EXERCISE INSTRUCTIONS: Find every line with the string "Ferrous" in the material below and copy it.
(MATERIAL PROVIDED)
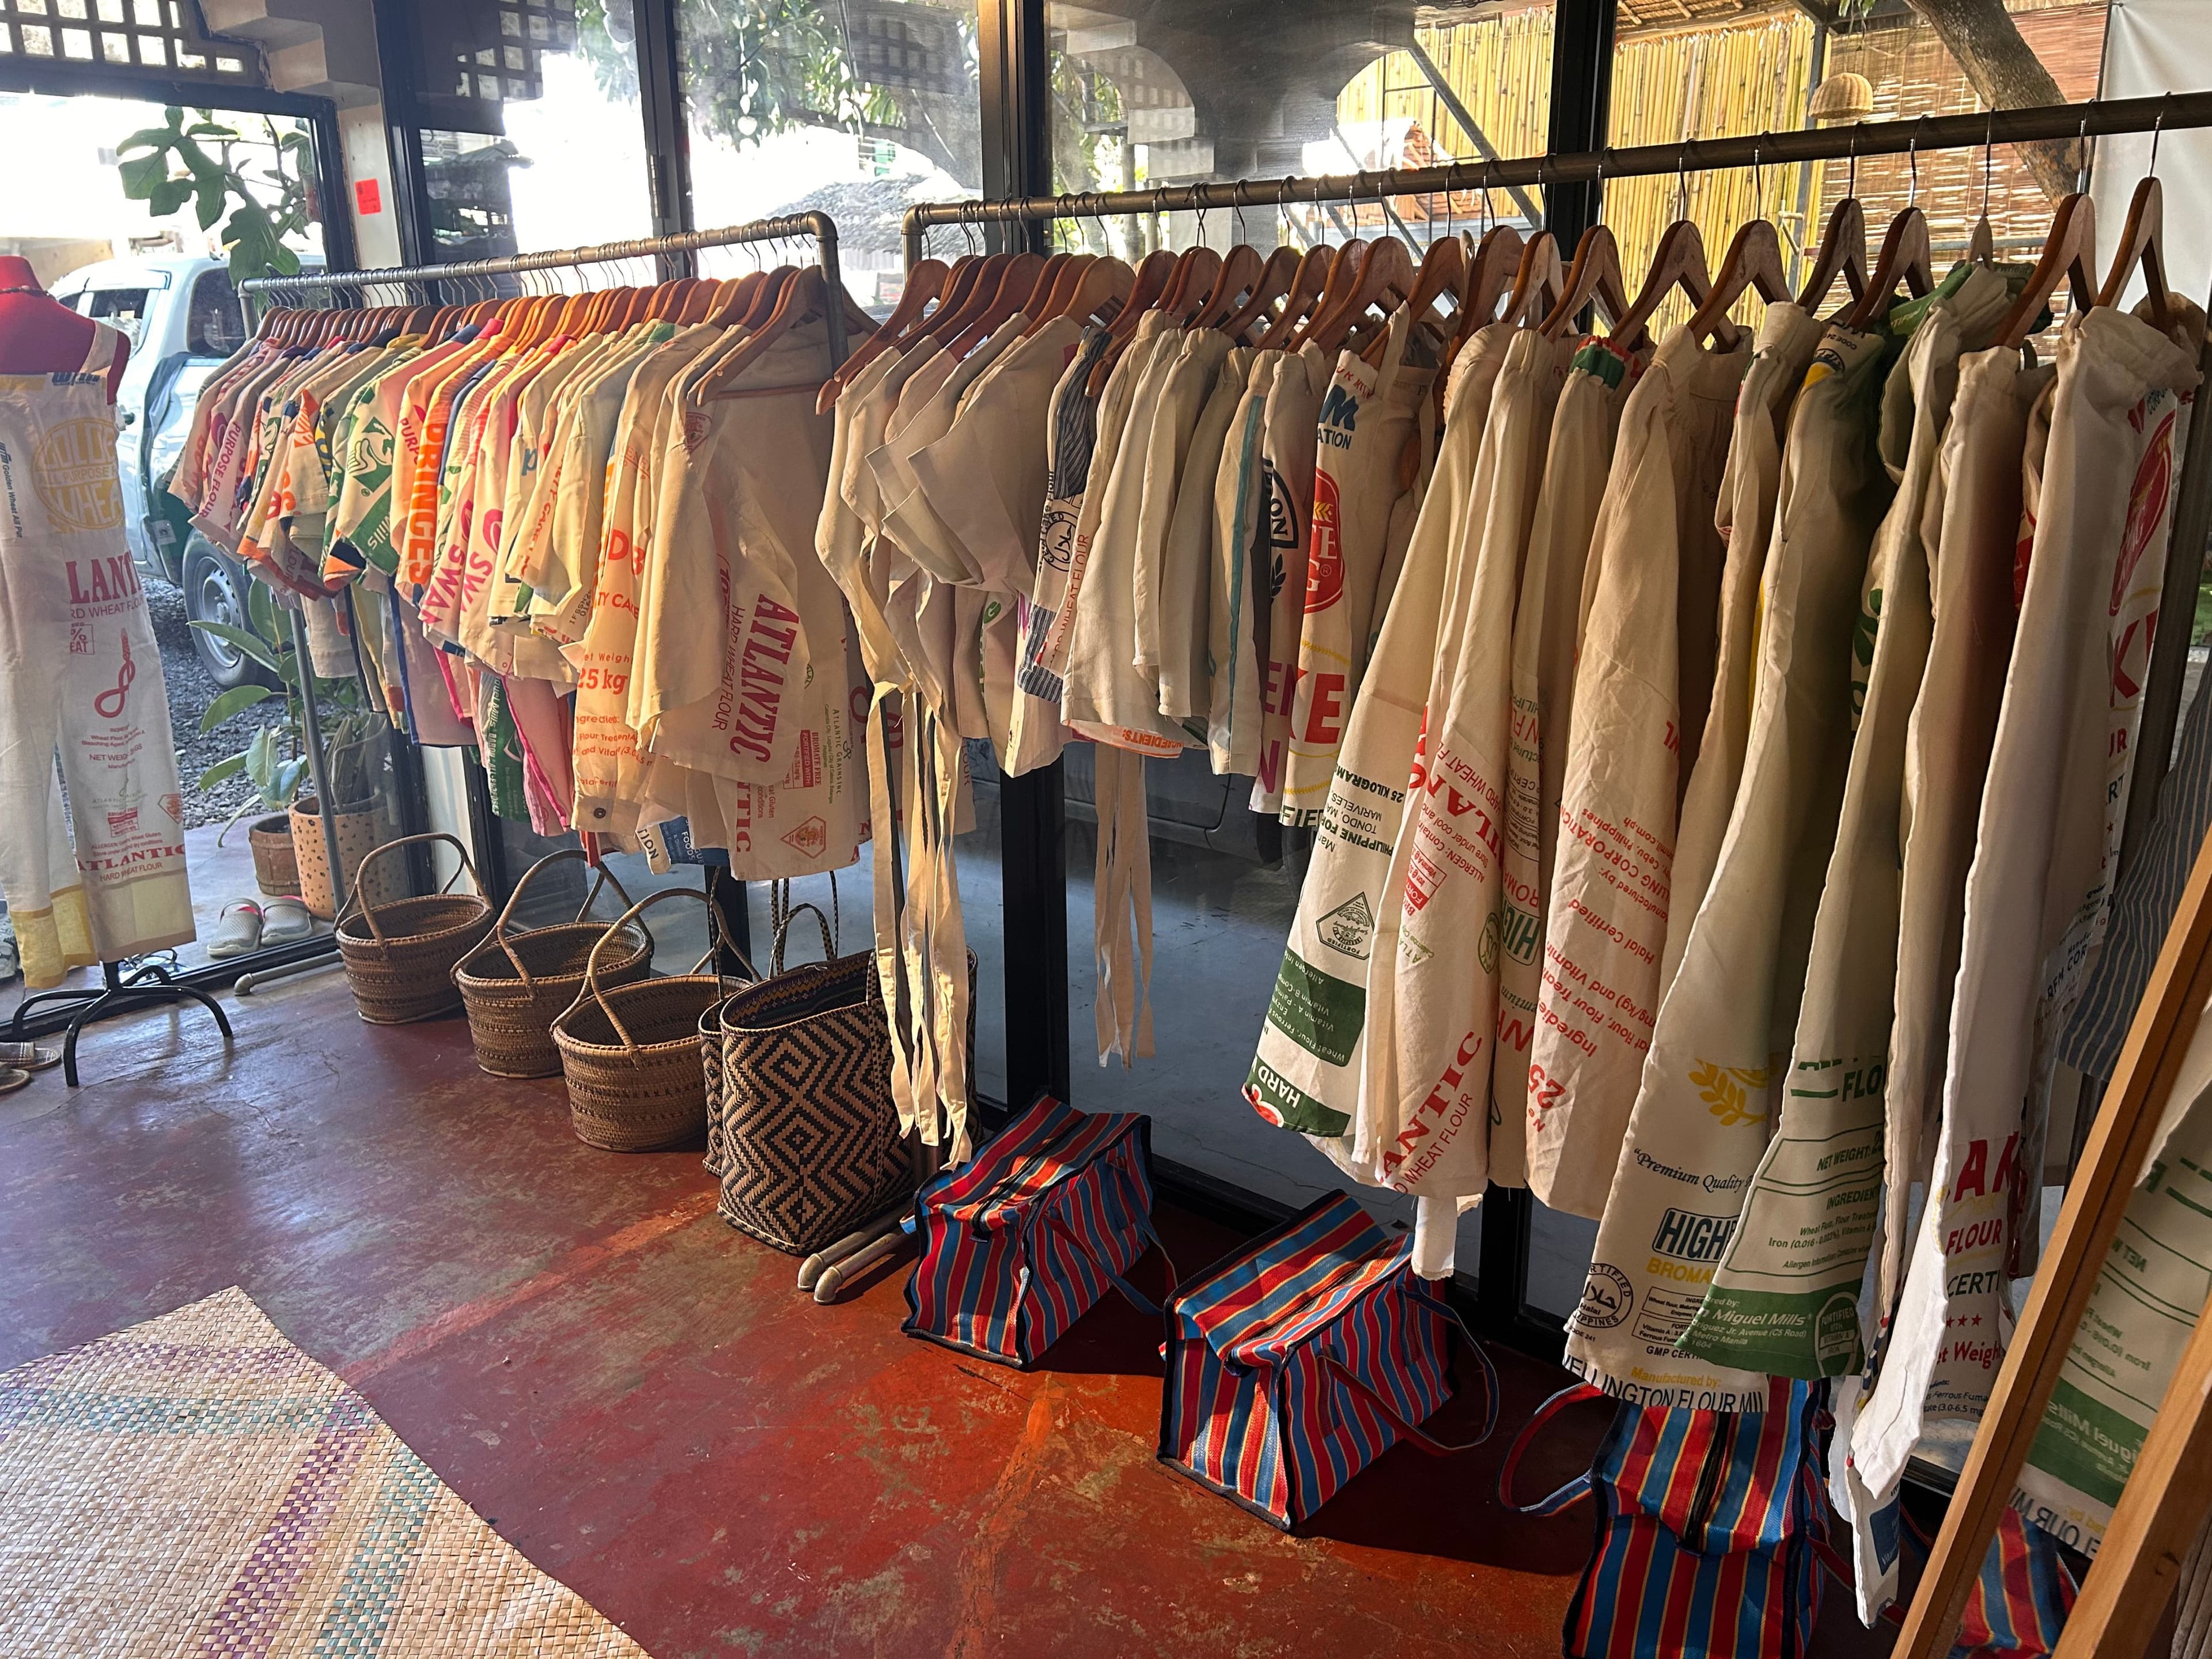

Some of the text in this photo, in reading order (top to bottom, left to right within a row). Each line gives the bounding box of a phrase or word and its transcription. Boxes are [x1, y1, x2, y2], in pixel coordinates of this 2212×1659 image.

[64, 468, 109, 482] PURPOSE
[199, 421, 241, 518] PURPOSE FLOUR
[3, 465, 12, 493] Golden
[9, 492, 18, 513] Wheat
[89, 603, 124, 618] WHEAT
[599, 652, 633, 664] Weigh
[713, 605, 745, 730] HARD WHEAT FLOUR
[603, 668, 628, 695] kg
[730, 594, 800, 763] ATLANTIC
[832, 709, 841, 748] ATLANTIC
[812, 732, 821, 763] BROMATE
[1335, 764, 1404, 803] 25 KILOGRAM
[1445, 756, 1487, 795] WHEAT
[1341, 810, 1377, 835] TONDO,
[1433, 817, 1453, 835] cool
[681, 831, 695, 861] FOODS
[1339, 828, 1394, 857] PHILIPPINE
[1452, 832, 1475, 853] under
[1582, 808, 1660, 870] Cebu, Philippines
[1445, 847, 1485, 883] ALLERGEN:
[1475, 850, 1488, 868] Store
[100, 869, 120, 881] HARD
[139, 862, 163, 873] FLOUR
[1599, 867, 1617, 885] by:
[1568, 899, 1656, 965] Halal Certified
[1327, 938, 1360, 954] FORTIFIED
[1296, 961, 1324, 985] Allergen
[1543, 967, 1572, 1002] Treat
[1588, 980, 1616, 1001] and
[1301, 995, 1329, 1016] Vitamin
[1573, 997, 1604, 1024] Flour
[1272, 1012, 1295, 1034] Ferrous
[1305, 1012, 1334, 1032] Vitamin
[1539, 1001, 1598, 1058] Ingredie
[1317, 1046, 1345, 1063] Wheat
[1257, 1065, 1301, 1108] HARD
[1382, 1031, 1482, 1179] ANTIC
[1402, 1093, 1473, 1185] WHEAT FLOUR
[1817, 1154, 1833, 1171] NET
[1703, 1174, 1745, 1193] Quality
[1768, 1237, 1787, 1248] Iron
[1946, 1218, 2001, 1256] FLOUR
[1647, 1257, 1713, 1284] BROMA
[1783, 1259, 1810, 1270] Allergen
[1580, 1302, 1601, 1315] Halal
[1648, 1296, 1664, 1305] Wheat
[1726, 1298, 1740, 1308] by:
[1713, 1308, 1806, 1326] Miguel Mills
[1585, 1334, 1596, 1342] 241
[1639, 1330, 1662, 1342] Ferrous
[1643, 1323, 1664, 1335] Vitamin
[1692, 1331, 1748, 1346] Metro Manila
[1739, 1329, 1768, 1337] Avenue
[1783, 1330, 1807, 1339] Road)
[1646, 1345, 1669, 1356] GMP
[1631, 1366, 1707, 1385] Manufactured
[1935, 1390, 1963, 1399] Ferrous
(End MATERIAL PROVIDED)
RESULT OF THE TASK:
[1272, 1012, 1295, 1034] Ferrous
[1639, 1330, 1662, 1342] Ferrous
[1935, 1390, 1963, 1399] Ferrous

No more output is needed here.